2020 turned out to be an amazing year for the Google Vulnerability Reward Program. We received many high-quality vulnerability reports from our talented and prolific vulnerability researchers.

Vulnerability reports received year-over-year

This trend was reflected in the submissions we received for the GCP VRP Prize. After careful evaluation of the many innovative and high-impact vulnerability write-ups we received this year, we are excited to announce the winners of the 2020 GCP VRP Prize:

  • First Prize, $133,337: Ezequiel Pereira for the report and write-up RCE in Google Cloud Deployment Manager. The bug discovered by Ezequiel allowed him to make requests to internal Google services, authenticated as a privileged service account. Here’s a video that gives more details about the bug and the discovery process.

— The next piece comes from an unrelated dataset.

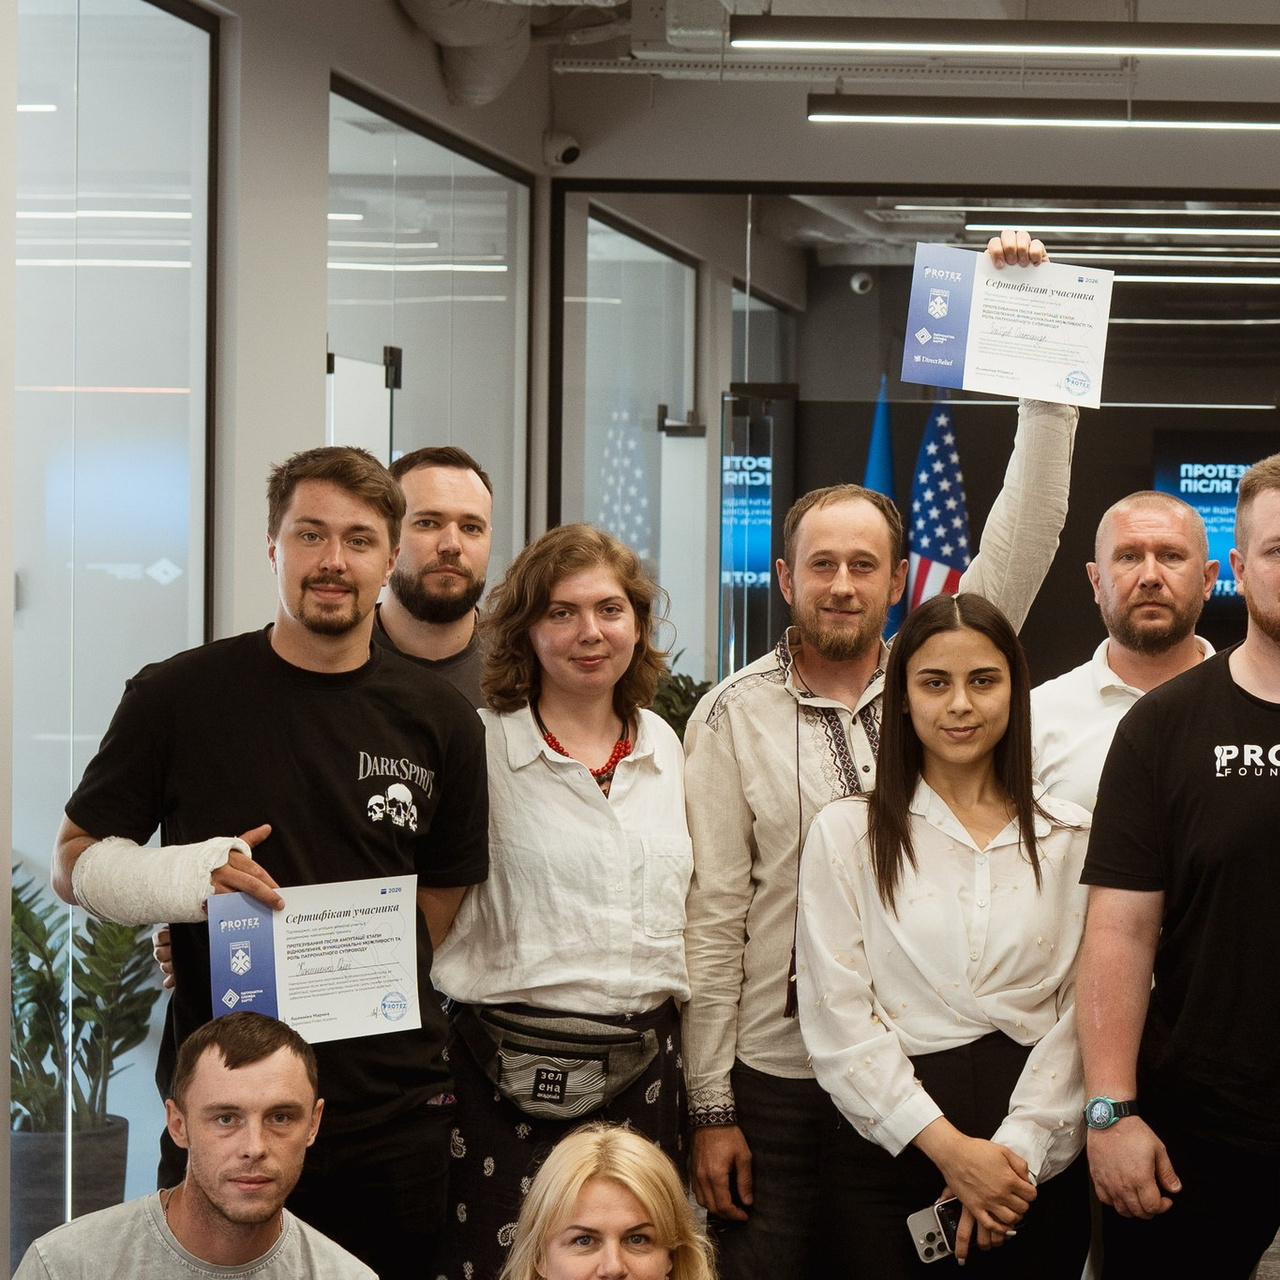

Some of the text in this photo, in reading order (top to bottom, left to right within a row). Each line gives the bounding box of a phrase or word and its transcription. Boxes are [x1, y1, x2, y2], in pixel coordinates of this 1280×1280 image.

  • Second Prize, $73,331: David Nechuta for the report and write-up 31k$ SSRF in Google Cloud Monitoring led to metadata exposure. David found a Server-side Request Forgery (SSRF) bug in Google Cloud Monitoring’s uptime check feature. The bug could have been used to leak the authentication token of the service account used for these checks.
  • Third Prize, $73,331: Dylan Ayrey and Allison Donovan for the report and write-up Fixing a Google Vulnerability. They pointed out issues in the default permissions associated with some of the service accounts used by GCP services.
  • Fourth Prize, $31,337: Bastien Chatelard for the report and write-up Escaping GKE gVisor sandboxing using metadata. Bastien discovered a bug in the GKE gVisor sandbox’s network policy implementation due to which the Google Compute Engine metadata API was accessible. 
  • Fifth Prize, $1,001: Brad Geesaman for the report and write-up CVE-2020-15157 “ContainerDrip” Write-up. The bug could allow an attacker to trick containerd into leaking instance metadata by supplying a malicious container image manifest.
  • Sixth Prize, $1,000: Chris Moberly for the report and write-up Privilege Escalation in Google Cloud Platform’s OS Login. The report demonstrates how an attacker can use DHCP poisoning to escalate their privileges on a Google Compute Engine VM.

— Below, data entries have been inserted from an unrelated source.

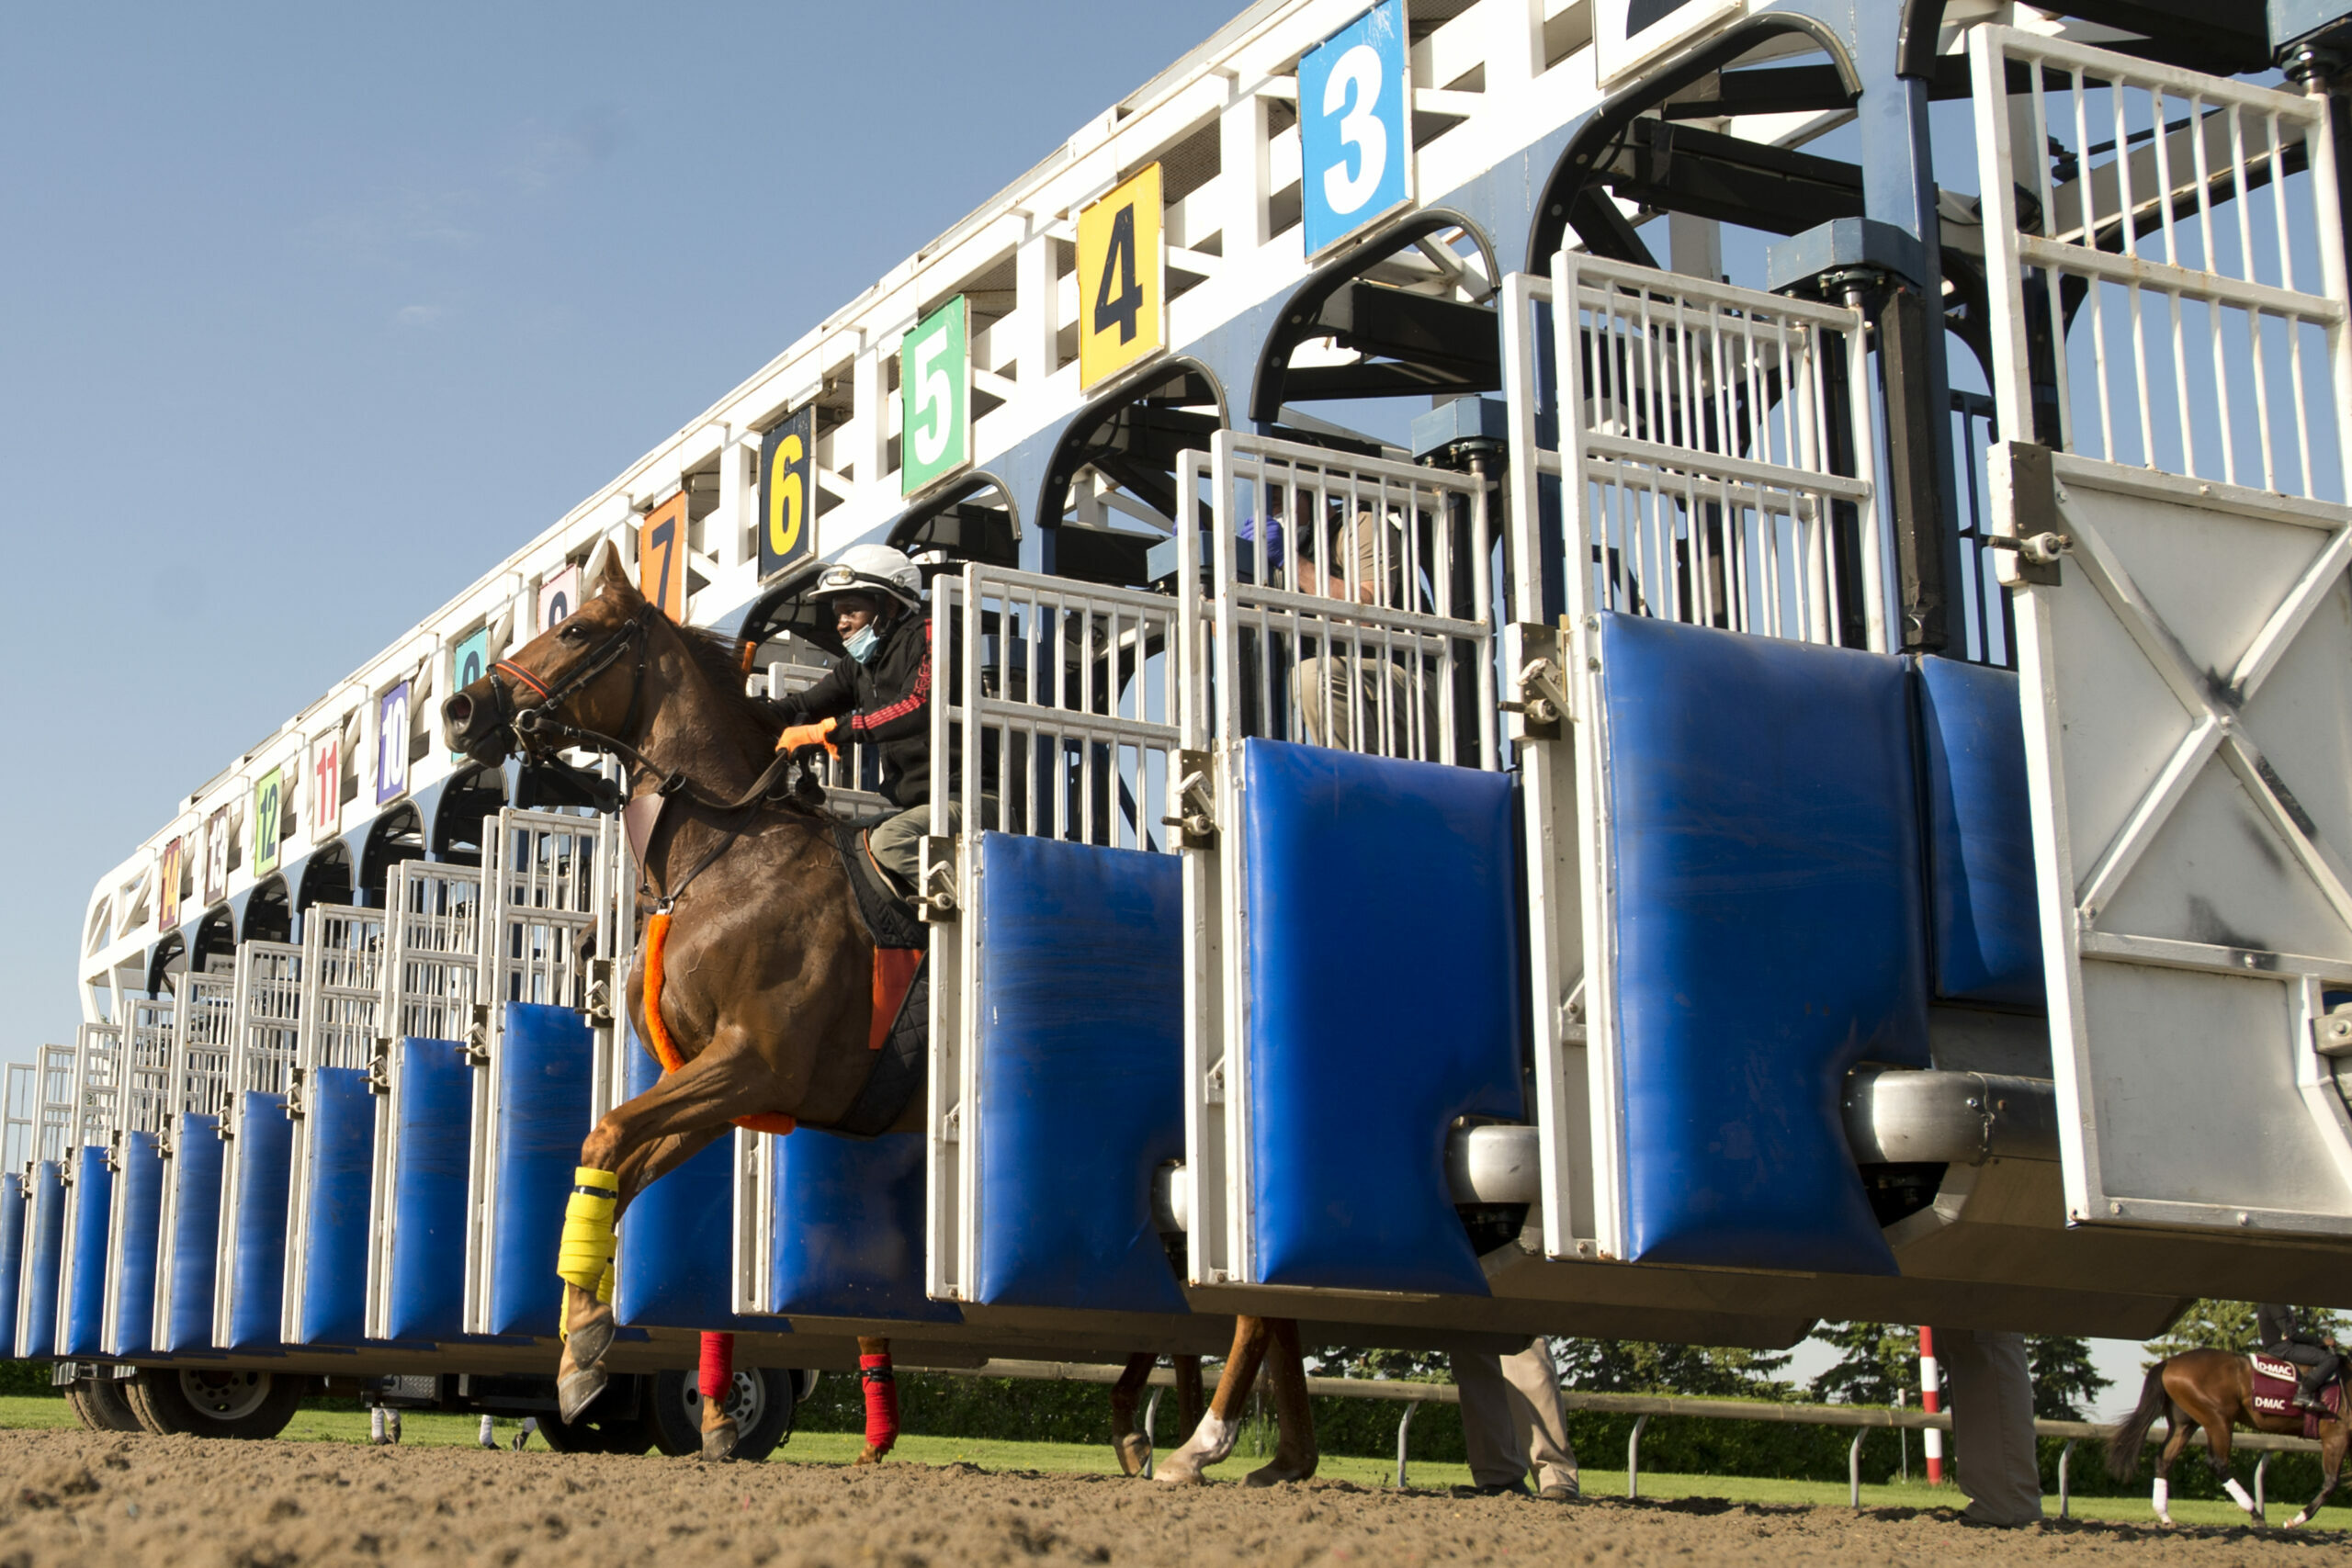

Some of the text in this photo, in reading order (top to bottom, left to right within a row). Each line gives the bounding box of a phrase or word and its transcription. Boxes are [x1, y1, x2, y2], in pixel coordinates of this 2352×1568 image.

[1323, 45, 1386, 214] 3
[1094, 202, 1143, 346] 4
[914, 326, 952, 465] 5
[769, 434, 803, 555] 6
[651, 515, 676, 611] 7
[317, 740, 337, 827] 11
[382, 697, 405, 791] 10
[209, 816, 227, 893] 13
[260, 783, 277, 863] 12
[163, 849, 179, 921] 14

Congratulations to all the winners! If we have piqued your interest and you would like to enter the competition for a GCP VRP Prize in 2021, here’s a reminder on the requirements.

  • Find a vulnerability in a GCP product (check out Google Cloud Free Program to get started)
  • Report it to the VRP (you might get rewarded for it on top of the GCP VRP Prize!)
  • Create a public write-up
  • Submit it here

Make sure to submit your VRP reports and write-ups before December 31, 2021 at 11:59 GMT. Good luck! You can learn more about the prize for this year here. We can’t wait to see what our talented vulnerability researchers come up with this year!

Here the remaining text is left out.